## ABOUT THIS TASK
Set down all of the data that follows word for word, without the images.

## PROVIDED ENTRIES
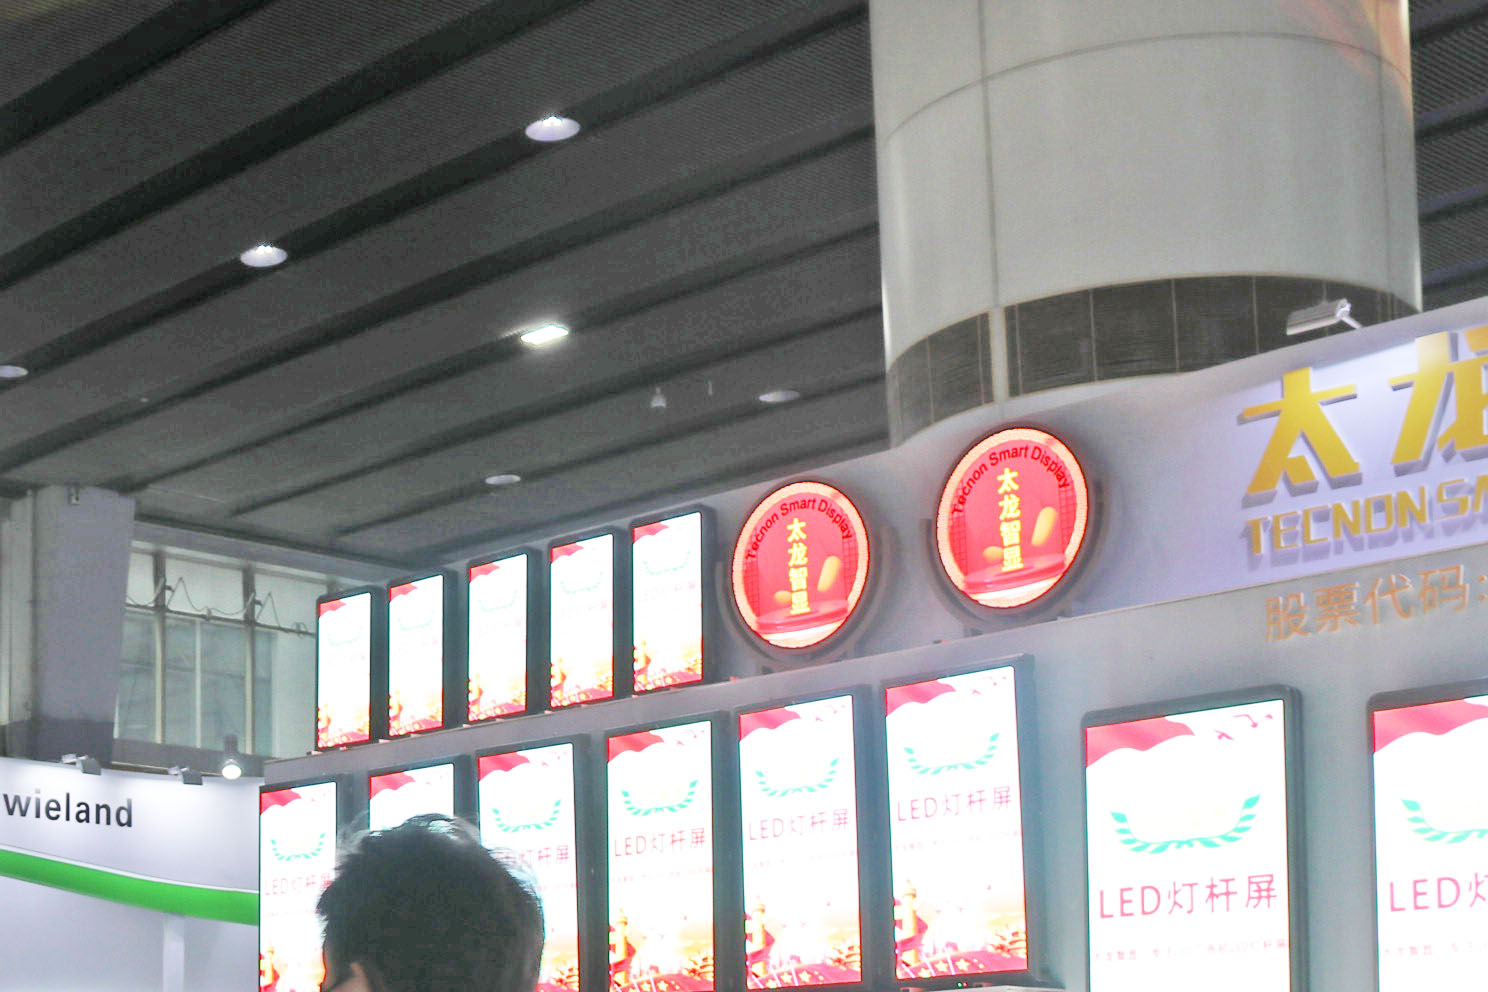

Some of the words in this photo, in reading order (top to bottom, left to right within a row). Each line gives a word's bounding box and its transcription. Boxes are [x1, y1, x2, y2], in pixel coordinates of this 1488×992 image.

[951, 461, 989, 516] Tecnon
[988, 445, 1028, 467] Smart
[1030, 446, 1071, 489] Display
[779, 498, 817, 517] Smart
[817, 499, 854, 540] Display
[996, 467, 1024, 572] 太龙智显
[1245, 486, 1427, 554] TECNON
[3, 789, 133, 828] wieland
[1099, 873, 1278, 919] LED灯杆屏
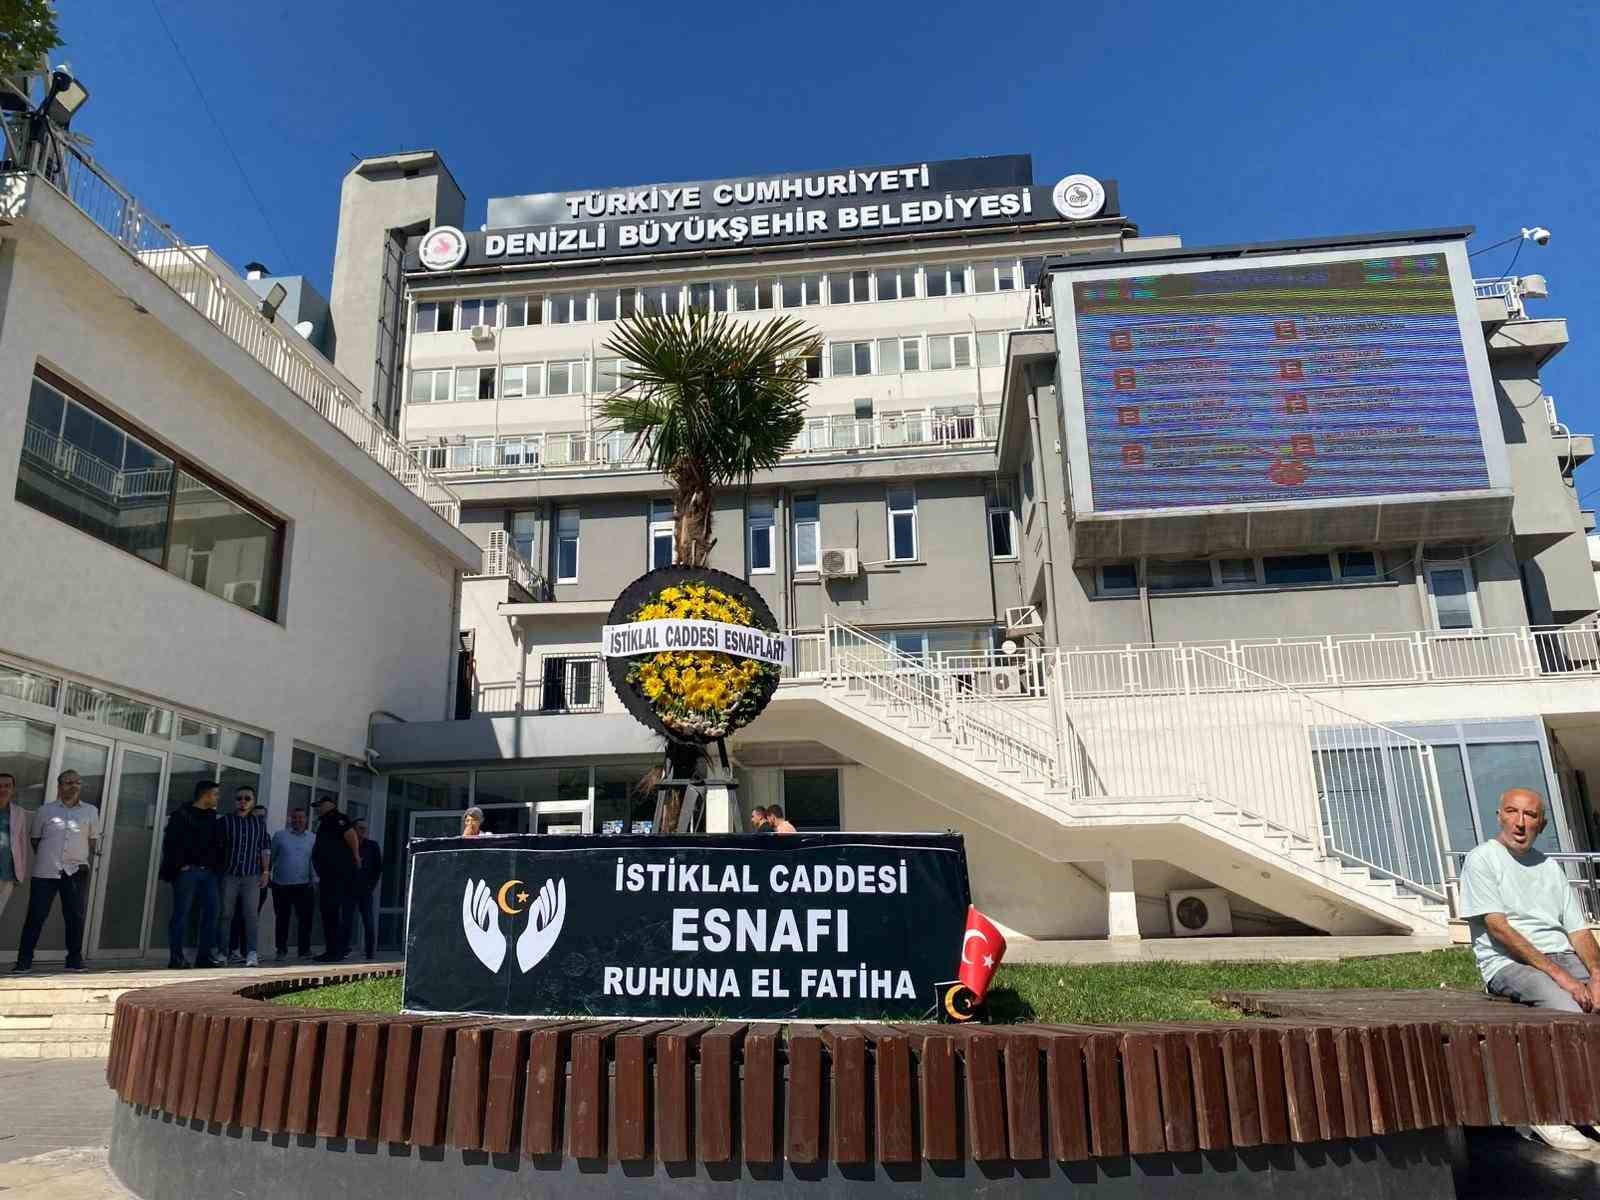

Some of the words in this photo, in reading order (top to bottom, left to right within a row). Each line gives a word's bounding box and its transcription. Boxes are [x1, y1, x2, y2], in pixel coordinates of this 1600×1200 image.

[566, 187, 700, 218] TÜRKİYE
[713, 164, 929, 205] CUMHURİYETİ
[486, 223, 606, 256] DENİZLİ
[619, 207, 828, 247] BÜYÜKŞEHİR
[839, 187, 1032, 229] BELEDİYESİ
[610, 625, 659, 653] İSTİKLAL
[665, 624, 718, 647] CADDESİ
[724, 629, 784, 662] ESNAFLARI
[615, 857, 759, 894] İSTİKLAL
[769, 859, 908, 894] CADDESİ
[671, 908, 848, 953] ESNAFI
[603, 967, 742, 998] RUHUNA
[752, 968, 790, 998] EL
[801, 962, 917, 999] FATİHA

## RESULT
Some of the words in this photo, in reading order (top to bottom, left to right within a row). Each line gives a word's bounding box and its transcription. Boxes are [x1, y1, x2, y2], in pixel coordinates of this 1488×992 image.

[951, 461, 989, 516] Tecnon
[988, 445, 1028, 467] Smart
[1030, 446, 1071, 489] Display
[779, 498, 817, 517] Smart
[817, 499, 854, 540] Display
[996, 467, 1024, 572] 太龙智显
[1245, 486, 1427, 554] TECNON
[3, 789, 133, 828] wieland
[1099, 873, 1278, 919] LED灯杆屏

Some of the words in this photo, in reading order (top to bottom, left to right within a row). Each line gives a word's bounding box and its transcription. Boxes are [x1, y1, x2, y2], in pixel coordinates of this 1600×1200 image.

[566, 187, 700, 218] TÜRKİYE
[713, 164, 929, 205] CUMHURİYETİ
[486, 223, 606, 256] DENİZLİ
[619, 207, 828, 247] BÜYÜKŞEHİR
[839, 187, 1032, 229] BELEDİYESİ
[610, 625, 659, 653] İSTİKLAL
[665, 624, 718, 647] CADDESİ
[724, 629, 784, 662] ESNAFLARI
[615, 857, 759, 894] İSTİKLAL
[769, 859, 908, 894] CADDESİ
[671, 908, 848, 953] ESNAFI
[603, 967, 742, 998] RUHUNA
[752, 968, 790, 998] EL
[801, 962, 917, 999] FATİHA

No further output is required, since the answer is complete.